George Wilson is Tom Buchanan’s living nightmare made flesh. He embodies the powerless, economically trapped existence Tom desperately avoids confronting. Now, tom’s interaction with George – condescending, dismissive, and ultimately lethal – isn’t just cruelty; it’s a ritualistic reaffirmation of his own superiority. That's why by treating George as less than human, Tom fortifies the illusion that his own privilege is permanent and deserved. Think about it: myrtle’s attraction to Tom is, in part, fueled by this shared disdain for her husband’s impotence. Tom provides the validation she craves, the escape from the suffocating reality George represents. Their affair thrives on the mutual, unspoken understanding that George is the obstacle, the symbol of the life they both reject – Tom by escaping into it, Myrtle by escaping from it. Tom’s attraction to Myrtle is amplified by his ability to dominate her and her husband, proving his control over the very class anxieties George personifies Less friction, more output..

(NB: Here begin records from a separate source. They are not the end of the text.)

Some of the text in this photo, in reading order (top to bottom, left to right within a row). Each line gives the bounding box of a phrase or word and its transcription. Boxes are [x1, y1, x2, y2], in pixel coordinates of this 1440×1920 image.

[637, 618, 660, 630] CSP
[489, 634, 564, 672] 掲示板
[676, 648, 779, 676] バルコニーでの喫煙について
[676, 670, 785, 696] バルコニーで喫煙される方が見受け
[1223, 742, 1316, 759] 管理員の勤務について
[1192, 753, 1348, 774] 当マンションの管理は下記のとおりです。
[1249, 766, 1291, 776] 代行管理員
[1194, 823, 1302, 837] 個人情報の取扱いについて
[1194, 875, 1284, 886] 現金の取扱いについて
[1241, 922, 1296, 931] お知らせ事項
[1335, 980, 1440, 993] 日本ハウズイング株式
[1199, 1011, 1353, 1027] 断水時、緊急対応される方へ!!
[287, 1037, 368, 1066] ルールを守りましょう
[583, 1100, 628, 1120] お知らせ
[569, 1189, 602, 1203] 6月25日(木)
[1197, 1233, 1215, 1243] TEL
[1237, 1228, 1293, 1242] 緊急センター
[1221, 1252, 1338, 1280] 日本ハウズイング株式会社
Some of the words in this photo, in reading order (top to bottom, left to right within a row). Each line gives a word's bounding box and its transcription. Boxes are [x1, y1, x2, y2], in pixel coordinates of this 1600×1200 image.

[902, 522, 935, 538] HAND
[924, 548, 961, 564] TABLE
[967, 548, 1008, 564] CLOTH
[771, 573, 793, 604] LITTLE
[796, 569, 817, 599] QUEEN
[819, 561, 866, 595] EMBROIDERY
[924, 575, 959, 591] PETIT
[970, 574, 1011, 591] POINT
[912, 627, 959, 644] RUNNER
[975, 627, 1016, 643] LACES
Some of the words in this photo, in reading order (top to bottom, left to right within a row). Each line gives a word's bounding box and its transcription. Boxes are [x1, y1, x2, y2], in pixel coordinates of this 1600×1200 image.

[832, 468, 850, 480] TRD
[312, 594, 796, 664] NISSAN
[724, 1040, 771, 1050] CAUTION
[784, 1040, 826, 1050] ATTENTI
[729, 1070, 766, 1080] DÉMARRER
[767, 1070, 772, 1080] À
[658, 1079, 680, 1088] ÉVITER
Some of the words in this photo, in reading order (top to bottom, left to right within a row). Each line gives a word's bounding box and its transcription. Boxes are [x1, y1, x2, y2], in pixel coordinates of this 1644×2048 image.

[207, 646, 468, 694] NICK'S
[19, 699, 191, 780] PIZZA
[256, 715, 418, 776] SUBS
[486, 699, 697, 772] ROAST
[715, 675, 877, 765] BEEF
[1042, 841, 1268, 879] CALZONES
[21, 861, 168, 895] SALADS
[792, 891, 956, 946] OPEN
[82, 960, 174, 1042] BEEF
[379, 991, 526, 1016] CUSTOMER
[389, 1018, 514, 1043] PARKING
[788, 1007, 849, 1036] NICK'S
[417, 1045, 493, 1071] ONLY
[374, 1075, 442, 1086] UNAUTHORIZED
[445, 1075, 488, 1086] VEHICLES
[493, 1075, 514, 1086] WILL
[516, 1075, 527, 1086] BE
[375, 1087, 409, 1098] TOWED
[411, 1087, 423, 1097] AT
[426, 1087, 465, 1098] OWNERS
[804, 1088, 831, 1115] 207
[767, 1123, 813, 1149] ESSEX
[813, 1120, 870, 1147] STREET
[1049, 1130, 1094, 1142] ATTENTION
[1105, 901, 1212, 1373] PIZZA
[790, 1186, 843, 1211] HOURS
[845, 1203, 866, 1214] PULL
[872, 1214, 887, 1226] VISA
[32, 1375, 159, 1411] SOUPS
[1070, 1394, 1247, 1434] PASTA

The Fragile Facade and the Inevitable Collapse

Tom’s attraction to Myrtle is fundamentally unsustainable precisely because it relies on maintaining the sterile illusion with Daisy while indulging the raw id with Myrtle. This duality creates immense pressure. The apartment party, while seemingly a release, is actually a performance of power that strains under the weight of its own artificiality. Day to day, myrtle’s desperate attempts to belong highlight the gulf Tom exploits, making the arrangement inherently unstable. In practice, the moment Myrtle dares to challenge Daisy’s name – the ultimate symbol of Tom's "legitimate" world – Tom reacts with brutal violence, shattering her face. This isn't just anger; it's the explosive reaction of the fragile facade. He cannot tolerate the blurring of the lines between the two worlds he meticulously keeps separate. His attraction requires Myrtle to know her place, and her transgression proves the dangerous volatility beneath his control Nothing fancy..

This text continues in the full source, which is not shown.